Healthcare professionals are denouncing the lack of human and financial resources, as well as a sector management excessively focused on budgetary objectives to the detriment of the healthcare mission. The number of protests, demonstrations and even strikes in recent months is ample proof of this. We also have to realise that health depends to a considerable extent on our collective lifestyles, our working conditions, our environment and our housing. These are all social determinants, which are also heavily influenced by social inequalities and gender inequalities in particular.
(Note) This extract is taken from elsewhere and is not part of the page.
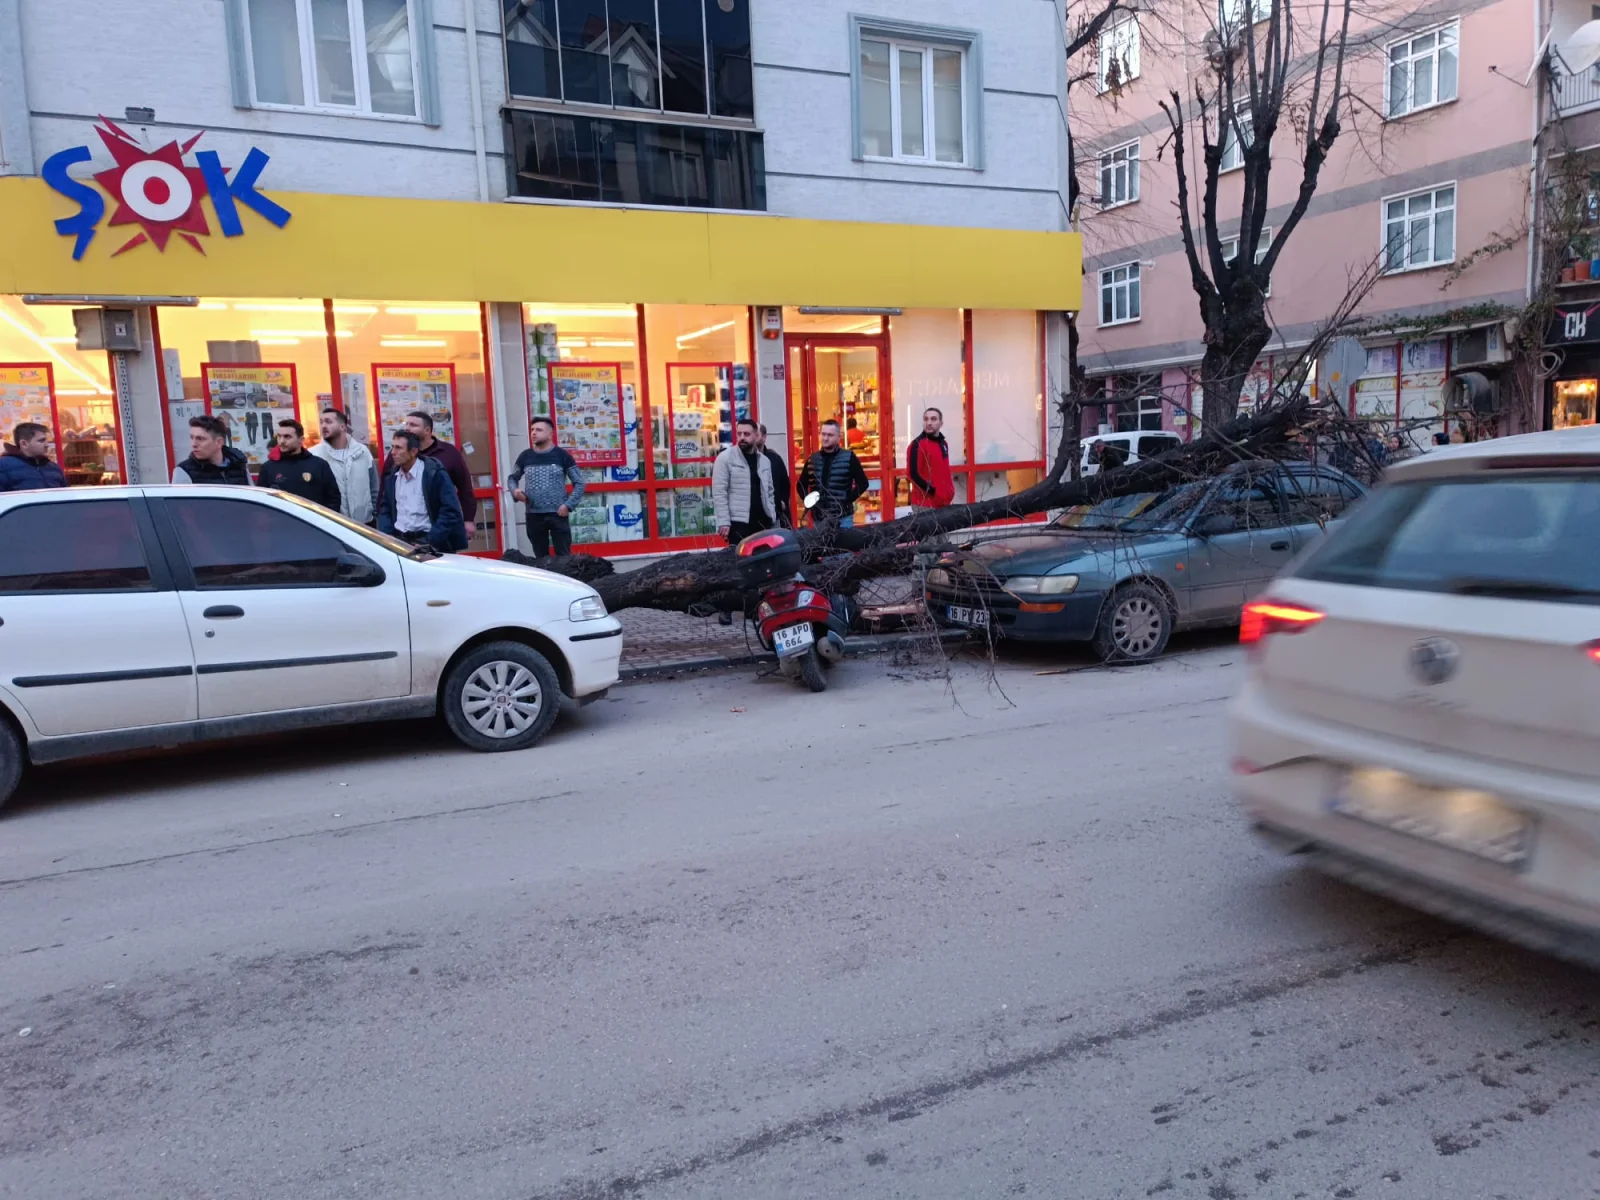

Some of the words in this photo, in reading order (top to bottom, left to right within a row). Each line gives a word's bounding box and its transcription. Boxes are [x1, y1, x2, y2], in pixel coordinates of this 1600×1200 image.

Europe's liberal vision is damaging health
If the above observation is similar in all European countries, it is because they are subject to the same influence of neo-liberal doctrine and to the primacy of economic objectives, which is embodied in the following two mechanisms in particular:
1. The European Semester is designed to monitor strict compliance with national budgetary discipline. A State that deviates from the budgetary path mapped out is obliged to make cuts in its spending, particularly on healthcare. This is a sector that falls within the exclusive remit of the Member States.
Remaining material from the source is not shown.